Reproduce the records that follow without alteration, apart from removing the pictures.
****************************************
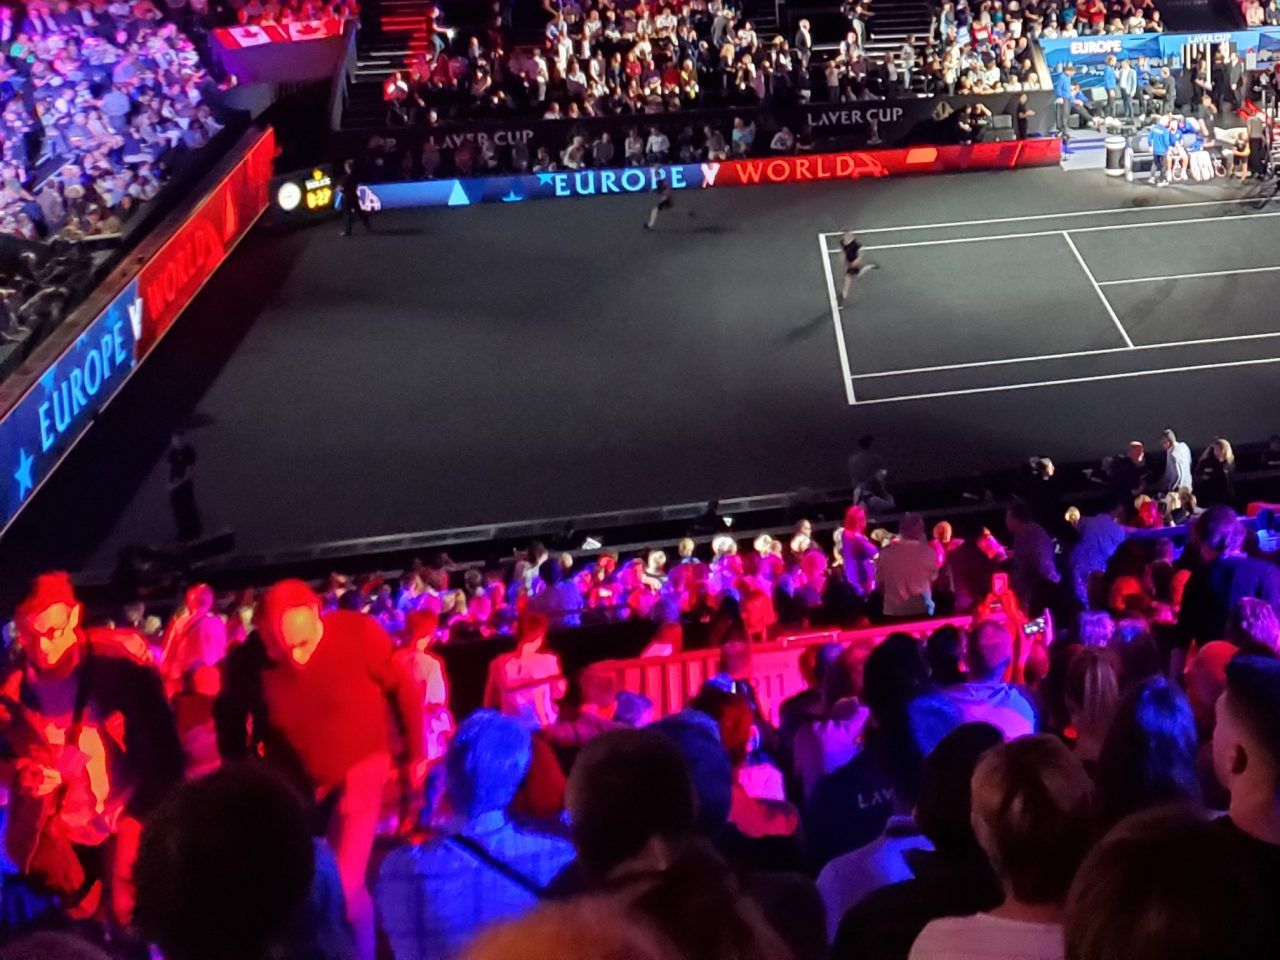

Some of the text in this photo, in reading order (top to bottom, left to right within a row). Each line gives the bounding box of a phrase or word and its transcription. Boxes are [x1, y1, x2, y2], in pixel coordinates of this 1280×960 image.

[1071, 39, 1122, 55] EUROPE
[808, 107, 904, 127] LAVER CUP
[494, 129, 534, 146] CUP
[555, 166, 687, 196] EUROPE
[736, 155, 855, 185] WORLD
[38, 321, 127, 452] EUROPE
[147, 228, 216, 321] WORLD
****************************************
RESULT:
Some of the text in this photo, in reading order (top to bottom, left to right within a row). Each line gives the bounding box of a phrase or word and its transcription. Boxes are [x1, y1, x2, y2], in pixel coordinates of this 1280×960 image.

[1071, 39, 1122, 55] EUROPE
[808, 107, 904, 127] LAVER CUP
[494, 129, 534, 146] CUP
[555, 166, 687, 196] EUROPE
[736, 155, 855, 185] WORLD
[38, 321, 127, 452] EUROPE
[147, 228, 216, 321] WORLD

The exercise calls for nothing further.